The 2004 concert recording, enhanced by a little studio polish, is a document to be treasured by fans of the group, whose brief top 40 chart run lasted only from 1967-69. Treasured because there is precious little in the way of widely available audio documentation of the Cowsills in a live setting during the years when all performing siblings were still living. Treasured also because they delivered a visceral energy in a live setting that their more sterile studio recordings couldn’t match.

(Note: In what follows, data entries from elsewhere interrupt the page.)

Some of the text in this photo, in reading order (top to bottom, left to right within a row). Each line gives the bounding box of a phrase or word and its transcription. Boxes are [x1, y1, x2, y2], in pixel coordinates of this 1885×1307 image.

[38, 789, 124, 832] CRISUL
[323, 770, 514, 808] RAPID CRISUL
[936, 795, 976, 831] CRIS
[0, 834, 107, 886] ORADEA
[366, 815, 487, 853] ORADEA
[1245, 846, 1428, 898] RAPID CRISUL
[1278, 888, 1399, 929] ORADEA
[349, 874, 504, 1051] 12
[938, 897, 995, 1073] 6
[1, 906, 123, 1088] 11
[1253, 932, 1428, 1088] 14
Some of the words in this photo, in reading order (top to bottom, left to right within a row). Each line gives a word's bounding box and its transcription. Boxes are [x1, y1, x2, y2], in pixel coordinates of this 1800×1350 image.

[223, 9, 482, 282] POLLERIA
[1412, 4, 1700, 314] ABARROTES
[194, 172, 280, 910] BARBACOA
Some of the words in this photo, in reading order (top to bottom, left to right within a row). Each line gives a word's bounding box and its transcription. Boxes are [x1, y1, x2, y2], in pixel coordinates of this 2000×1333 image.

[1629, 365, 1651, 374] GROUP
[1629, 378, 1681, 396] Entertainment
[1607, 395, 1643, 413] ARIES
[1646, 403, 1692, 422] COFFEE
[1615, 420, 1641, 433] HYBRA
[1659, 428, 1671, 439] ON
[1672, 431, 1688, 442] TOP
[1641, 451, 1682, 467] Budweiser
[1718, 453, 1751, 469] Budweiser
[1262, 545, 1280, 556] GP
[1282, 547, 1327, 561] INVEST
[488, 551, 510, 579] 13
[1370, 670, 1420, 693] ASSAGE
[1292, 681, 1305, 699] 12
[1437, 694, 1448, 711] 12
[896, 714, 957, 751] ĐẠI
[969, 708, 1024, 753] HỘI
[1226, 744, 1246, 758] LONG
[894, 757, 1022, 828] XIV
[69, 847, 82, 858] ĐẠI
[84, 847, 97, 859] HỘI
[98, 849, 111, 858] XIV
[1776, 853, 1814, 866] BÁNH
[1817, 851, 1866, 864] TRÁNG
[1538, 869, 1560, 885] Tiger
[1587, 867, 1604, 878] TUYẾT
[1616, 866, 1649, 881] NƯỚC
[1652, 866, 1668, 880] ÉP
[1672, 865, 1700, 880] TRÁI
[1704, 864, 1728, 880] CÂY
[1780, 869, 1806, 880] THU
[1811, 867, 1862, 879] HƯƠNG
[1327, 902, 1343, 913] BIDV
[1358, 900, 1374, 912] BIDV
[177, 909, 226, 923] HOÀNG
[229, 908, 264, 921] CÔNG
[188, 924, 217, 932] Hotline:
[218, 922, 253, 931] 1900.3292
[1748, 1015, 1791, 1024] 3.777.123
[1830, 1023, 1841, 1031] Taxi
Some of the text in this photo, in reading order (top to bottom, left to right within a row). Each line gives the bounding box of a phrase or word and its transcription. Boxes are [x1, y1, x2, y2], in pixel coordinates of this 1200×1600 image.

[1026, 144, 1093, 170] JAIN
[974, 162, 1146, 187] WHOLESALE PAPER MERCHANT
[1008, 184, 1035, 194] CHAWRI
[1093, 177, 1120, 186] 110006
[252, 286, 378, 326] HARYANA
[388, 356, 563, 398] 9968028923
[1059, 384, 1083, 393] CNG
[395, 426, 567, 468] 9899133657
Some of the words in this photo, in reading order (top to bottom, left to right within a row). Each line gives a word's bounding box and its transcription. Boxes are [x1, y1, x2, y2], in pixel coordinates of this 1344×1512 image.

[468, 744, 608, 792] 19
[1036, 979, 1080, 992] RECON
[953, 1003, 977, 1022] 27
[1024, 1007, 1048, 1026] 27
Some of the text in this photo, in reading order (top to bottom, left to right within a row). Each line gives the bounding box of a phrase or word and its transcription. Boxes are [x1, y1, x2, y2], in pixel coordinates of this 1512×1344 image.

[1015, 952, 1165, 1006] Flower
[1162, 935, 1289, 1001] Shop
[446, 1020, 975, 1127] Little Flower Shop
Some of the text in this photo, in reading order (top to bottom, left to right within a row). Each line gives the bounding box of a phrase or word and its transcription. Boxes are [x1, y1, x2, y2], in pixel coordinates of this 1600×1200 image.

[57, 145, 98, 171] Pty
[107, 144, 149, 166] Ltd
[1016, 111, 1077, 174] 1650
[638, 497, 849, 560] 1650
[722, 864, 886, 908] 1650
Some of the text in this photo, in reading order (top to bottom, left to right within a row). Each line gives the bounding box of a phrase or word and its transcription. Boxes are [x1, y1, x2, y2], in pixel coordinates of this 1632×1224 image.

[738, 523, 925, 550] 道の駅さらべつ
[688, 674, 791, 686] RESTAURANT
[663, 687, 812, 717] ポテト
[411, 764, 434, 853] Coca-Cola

A prime example is the show’s curtain raiser, and their most enduring hit “The Rain, the Park and Other Things”, which perhaps sums up 1967 as well as anything from Sgt. Pepper–given a goosing here by a more prominent bass line and some sweet drum fills. The complexity of the Cowsills’ vocal arrangements may call to mind chart contemporaries like the Beach Boys. Or perhaps a better comparison would be the Mamas and the Papas.

Or “You’re Not the Same Girl”, previously released by Vancouver band Blue Northern, of which Bill Cowsill was a member. The Cowsill family harmonies make one wonder whether the Canadian top 40 hit could have been more than a footnote in America.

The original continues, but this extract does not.